_Study material:_
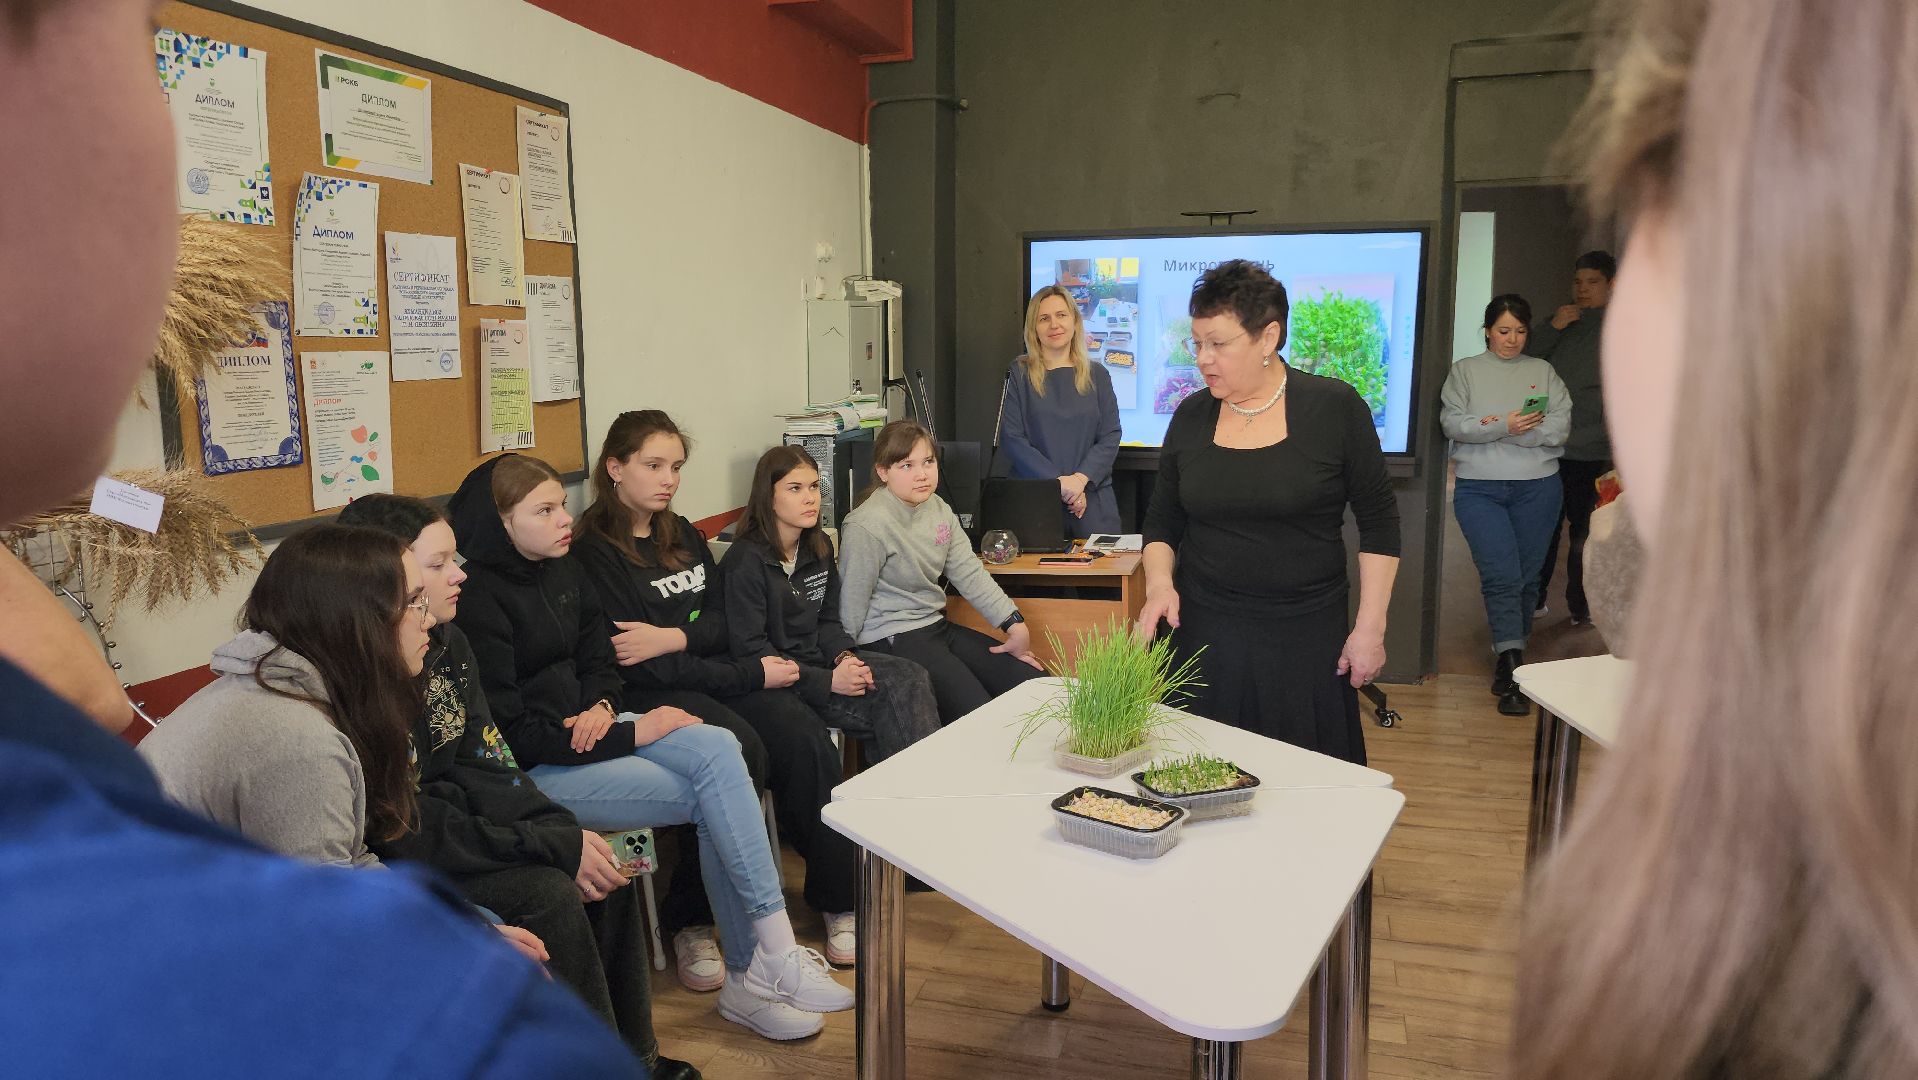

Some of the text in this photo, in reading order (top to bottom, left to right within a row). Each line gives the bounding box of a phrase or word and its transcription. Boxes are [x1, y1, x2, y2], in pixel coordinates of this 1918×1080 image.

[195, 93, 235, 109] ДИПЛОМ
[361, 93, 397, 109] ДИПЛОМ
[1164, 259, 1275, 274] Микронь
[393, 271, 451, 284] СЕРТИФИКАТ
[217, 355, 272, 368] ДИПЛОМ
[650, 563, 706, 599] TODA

_Task item:_ Verbatim output of the entries is required, with each image left out.

_Answer space:_
Some of the text in this photo, in reading order (top to bottom, left to right within a row). Each line gives the bounding box of a phrase or word and its transcription. Boxes are [x1, y1, x2, y2], in pixel coordinates of this 1918×1080 image.

[195, 93, 235, 109] ДИПЛОМ
[361, 93, 397, 109] ДИПЛОМ
[1164, 259, 1275, 274] Микронь
[393, 271, 451, 284] СЕРТИФИКАТ
[217, 355, 272, 368] ДИПЛОМ
[650, 563, 706, 599] TODA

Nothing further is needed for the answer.